Long execution times when including simple SQL functions into a join

  • Again, thanks for all your input everyone. I have to do production work today and will not be able to work on this problem ;-(

    I did talk to one of our hardcore programmers and he suggested to move the loop to the top of the code, with the rational that REPLACE is expensive and because each REPLACE involves a FOR LOOP, it would be wasting 4 loops each time.
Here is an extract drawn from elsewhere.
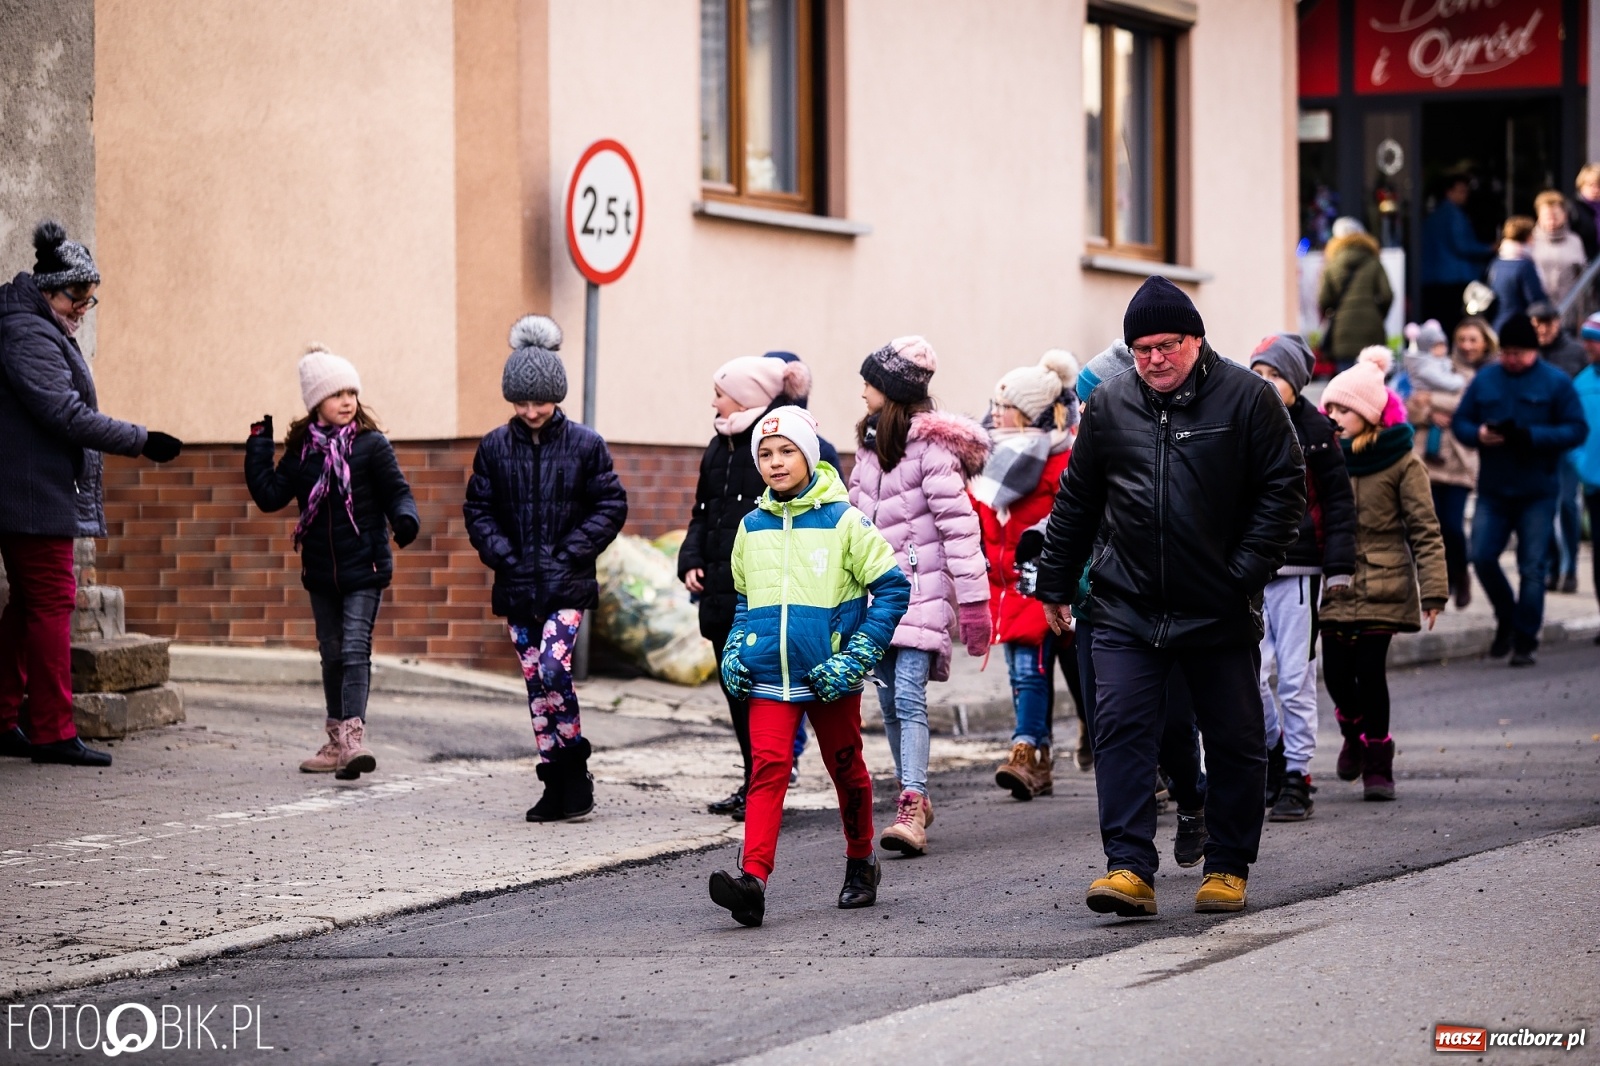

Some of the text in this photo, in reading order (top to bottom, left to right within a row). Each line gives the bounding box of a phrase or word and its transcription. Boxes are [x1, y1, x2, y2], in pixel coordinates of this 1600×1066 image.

[1370, 9, 1543, 88] i Ogród
[580, 185, 632, 242] 2,5 t
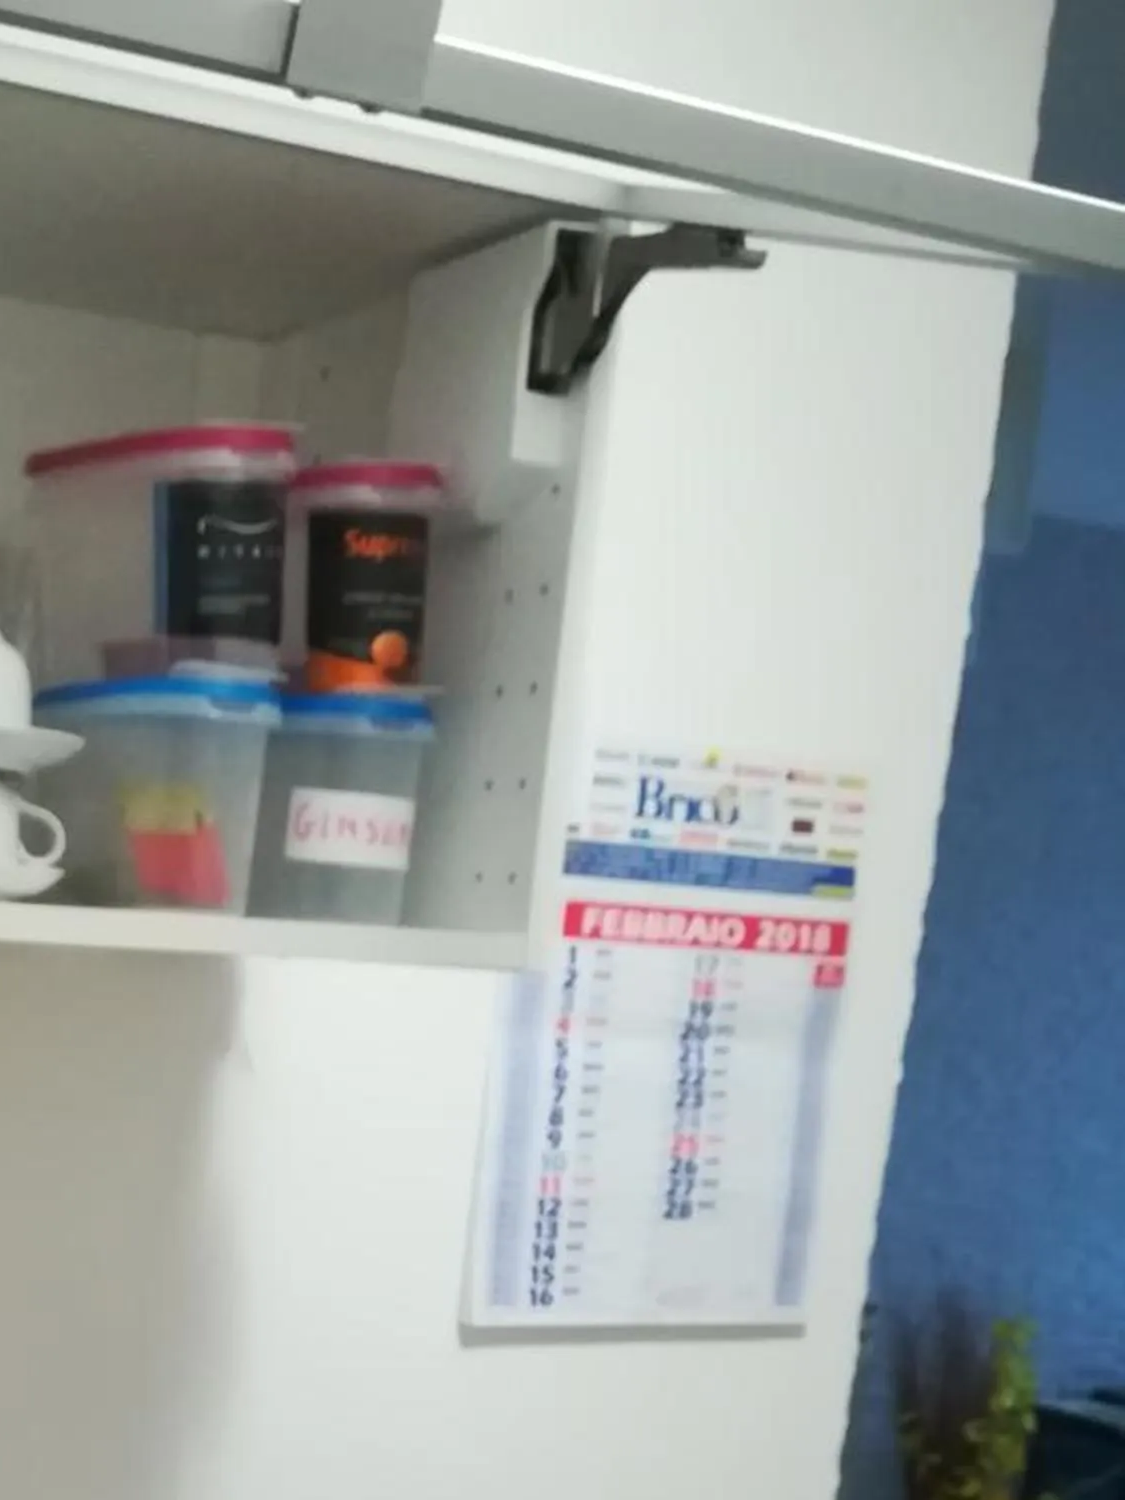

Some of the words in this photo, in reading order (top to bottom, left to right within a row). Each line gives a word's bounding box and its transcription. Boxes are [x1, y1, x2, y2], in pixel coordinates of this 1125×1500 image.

    The other train of thought is the where clause restricting the amount of records passing through the function, 'Time not spent is truly time saved'.

    Enjoy the weekend!

  • Hi Piet

    Pieter (5/22/2009)


    Again, thanks for all your input everyone. I have to do production work today and will not be able to work on this problem ;-(

    I know what you mean to work on a problem but there is always somebody or something else...

    I did talk to one of our hardcore programmers and he suggested to move the loop to the top of the code, with the rational that REPLACE is expensive and because each REPLACE involves a FOR LOOP, it would be wasting 4 loops each time.

    I'm also primary a C# developer. Had the same idea ;-). The version of my validation function seems to be an overkill for most business cases. Anyway, your problem apparently needs the best performance. So a more complicated solution seems to be valid. I changed the input type from SqlString to SqlChars which is faster and use two char arrays instead of a string. If you find a faster version without Interop please let me know.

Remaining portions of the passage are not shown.